With reduced nephron number and high net endogenous acid load, the tubular ammonium concentration increases and can lead to tubular toxicity and damage. Augmentation of ammonium excretion due to high dietary acid load leads to heightened activity of the renin–angiotensin system within the tubules and increased production of endothelin-1, a potent vasoconstrictor that promotes tissue injury and scarring (117). High dietary acid load also activates the alternate complement cascade in the renal tubules and can lead to kidney injury (118–124). Diets high in fruits and vegetables and low in animal protein are associated with lower endogenous acid load and thus lower workload for each individual nephron.

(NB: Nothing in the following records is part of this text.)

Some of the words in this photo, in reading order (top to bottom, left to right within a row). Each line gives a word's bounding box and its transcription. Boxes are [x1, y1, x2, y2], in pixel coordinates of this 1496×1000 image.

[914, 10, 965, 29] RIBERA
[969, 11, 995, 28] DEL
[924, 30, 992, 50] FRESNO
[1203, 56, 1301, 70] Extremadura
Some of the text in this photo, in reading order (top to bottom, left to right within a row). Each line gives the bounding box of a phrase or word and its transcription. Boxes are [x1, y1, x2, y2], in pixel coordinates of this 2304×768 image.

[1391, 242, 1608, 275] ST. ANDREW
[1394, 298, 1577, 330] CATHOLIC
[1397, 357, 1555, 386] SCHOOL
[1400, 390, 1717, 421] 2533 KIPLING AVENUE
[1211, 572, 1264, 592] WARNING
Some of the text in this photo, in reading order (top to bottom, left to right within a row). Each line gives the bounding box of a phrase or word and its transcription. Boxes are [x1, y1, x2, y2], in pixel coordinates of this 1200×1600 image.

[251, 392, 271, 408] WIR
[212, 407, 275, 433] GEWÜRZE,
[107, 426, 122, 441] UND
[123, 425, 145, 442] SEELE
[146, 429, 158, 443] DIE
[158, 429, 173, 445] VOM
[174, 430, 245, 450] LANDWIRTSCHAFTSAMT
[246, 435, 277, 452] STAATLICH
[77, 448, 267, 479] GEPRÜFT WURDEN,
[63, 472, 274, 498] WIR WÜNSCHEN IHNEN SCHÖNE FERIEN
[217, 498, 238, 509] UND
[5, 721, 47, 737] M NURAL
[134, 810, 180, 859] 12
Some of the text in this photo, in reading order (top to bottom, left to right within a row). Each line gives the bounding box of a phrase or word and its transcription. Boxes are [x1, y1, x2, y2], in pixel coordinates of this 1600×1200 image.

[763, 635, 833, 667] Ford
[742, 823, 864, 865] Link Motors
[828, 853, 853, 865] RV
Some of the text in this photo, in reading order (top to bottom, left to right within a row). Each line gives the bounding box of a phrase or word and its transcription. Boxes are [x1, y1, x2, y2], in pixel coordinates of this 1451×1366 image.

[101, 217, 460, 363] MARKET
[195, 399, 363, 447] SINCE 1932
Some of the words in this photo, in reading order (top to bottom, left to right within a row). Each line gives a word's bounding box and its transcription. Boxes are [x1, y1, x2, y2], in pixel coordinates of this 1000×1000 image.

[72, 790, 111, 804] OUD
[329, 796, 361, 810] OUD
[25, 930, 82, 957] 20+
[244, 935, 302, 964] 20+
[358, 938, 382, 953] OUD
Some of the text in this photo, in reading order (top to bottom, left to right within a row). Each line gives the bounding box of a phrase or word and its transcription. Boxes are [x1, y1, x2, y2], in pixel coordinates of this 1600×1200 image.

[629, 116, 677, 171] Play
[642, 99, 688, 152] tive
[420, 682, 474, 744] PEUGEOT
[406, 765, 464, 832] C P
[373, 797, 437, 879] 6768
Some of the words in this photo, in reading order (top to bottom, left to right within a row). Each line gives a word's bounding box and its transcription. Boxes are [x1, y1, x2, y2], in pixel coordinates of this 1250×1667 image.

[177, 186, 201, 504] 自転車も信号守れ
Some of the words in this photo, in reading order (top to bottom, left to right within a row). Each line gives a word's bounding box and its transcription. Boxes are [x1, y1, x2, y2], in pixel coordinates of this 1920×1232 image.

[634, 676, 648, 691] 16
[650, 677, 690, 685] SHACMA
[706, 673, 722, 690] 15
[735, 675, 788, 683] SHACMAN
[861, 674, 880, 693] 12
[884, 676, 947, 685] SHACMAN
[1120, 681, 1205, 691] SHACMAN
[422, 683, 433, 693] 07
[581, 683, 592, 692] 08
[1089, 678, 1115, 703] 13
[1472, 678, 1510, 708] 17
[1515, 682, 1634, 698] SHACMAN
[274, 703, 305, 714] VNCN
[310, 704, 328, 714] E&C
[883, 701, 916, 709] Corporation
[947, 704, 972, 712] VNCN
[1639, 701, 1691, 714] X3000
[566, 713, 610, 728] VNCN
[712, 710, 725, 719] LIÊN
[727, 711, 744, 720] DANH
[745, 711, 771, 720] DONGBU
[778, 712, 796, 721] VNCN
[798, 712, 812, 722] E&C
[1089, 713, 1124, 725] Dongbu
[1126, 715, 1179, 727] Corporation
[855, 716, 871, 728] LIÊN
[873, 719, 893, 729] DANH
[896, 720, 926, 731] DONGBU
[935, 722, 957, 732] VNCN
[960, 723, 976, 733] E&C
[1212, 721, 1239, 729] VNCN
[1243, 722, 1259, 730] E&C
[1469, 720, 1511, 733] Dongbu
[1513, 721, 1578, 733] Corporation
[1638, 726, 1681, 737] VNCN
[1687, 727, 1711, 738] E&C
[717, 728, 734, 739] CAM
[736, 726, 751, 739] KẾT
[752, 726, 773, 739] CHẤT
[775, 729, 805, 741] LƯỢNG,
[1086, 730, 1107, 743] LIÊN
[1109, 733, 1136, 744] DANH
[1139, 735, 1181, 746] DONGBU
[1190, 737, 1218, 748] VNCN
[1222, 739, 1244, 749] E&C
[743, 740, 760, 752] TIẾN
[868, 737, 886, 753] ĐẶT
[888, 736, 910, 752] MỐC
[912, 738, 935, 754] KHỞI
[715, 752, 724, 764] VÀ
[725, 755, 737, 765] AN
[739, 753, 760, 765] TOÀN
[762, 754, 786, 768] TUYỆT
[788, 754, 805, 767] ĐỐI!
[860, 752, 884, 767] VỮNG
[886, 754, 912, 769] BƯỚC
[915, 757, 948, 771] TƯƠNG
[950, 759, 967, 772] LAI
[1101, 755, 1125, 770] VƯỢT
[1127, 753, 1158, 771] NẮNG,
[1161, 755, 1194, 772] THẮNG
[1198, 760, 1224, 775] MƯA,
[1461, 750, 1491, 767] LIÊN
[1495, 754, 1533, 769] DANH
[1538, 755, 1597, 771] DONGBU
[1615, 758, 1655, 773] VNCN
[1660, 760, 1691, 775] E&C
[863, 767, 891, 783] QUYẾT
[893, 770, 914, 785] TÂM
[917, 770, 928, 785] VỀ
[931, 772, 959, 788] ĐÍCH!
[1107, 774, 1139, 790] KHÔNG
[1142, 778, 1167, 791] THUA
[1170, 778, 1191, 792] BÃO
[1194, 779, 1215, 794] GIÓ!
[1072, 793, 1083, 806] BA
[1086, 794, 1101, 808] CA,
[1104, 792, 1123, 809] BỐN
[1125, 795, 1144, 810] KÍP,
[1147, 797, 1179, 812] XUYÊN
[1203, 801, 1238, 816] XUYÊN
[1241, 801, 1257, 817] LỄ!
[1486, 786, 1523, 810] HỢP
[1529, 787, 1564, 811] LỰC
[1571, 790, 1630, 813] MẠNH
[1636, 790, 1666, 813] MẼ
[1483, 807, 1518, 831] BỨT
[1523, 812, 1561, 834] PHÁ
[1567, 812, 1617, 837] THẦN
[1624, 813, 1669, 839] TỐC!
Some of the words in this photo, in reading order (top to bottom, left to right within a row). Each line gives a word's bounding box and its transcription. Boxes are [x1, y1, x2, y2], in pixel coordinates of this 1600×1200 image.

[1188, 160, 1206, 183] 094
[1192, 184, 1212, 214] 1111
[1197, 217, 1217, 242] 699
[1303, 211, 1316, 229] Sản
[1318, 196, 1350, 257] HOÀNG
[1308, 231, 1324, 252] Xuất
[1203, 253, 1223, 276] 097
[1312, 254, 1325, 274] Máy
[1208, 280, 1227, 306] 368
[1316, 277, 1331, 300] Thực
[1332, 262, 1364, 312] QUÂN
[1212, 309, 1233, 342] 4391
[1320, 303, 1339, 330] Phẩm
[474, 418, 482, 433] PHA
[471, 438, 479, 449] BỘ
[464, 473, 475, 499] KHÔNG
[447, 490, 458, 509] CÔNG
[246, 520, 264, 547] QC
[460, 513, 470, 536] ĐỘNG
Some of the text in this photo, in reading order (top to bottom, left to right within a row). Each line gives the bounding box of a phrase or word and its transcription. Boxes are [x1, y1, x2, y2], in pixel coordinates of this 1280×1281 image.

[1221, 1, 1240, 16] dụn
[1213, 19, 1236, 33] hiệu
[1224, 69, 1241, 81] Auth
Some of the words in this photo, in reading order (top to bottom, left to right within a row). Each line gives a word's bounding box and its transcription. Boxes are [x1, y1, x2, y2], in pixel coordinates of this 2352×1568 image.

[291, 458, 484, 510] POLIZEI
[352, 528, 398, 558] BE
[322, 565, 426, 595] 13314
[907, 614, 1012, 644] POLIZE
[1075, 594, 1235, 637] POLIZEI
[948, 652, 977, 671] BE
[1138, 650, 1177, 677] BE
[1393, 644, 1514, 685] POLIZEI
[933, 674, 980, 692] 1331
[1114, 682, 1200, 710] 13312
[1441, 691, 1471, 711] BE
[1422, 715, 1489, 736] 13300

The DASH diet is high in fruits and vegetables and low-fat dairy products and low in animal protein. Consumption of a DASH diet is associated with 50% lower net endogenous acid production compared with the typical Western diet (116). Simply increasing alkali intake with fruits and vegetables or with sodium bicarbonate tablets may lower net endogenous acid excretion by more than one-third (125), which may minimize individual nephron workload and slow loss of kidney function (126–128).

Dietary Fiber

The Western diet is associated with low fiber intake, which is often accompanied by elevated levels of inflammatory biomarkers such as serum C-reactive protein, IL-6, and TNF-α receptor 2 (129–132). Elevated inflammatory marker levels indicate increased cardiovascular and mortality risk regardless of CKD status (133–138) and also a heightened risk for both CKD incidence and progression (86, 139–141). Diets high in fiber can reduce cardiovascular disease risk (142–145) and are associated with reduced mortality rates in adults with CKD (146). The American Dietetic Association recommends that adults consume 28 g/d of dietary fiber based on a 2000 kcal/d diet (147) to lower cardiovascular risk. Currently, there are no specific recommendations for levels of dietary fiber intake for adults with CKD, but recommendations for the general population are likely safe and probably beneficial as long as serum potassium and phosphate levels are monitored (146).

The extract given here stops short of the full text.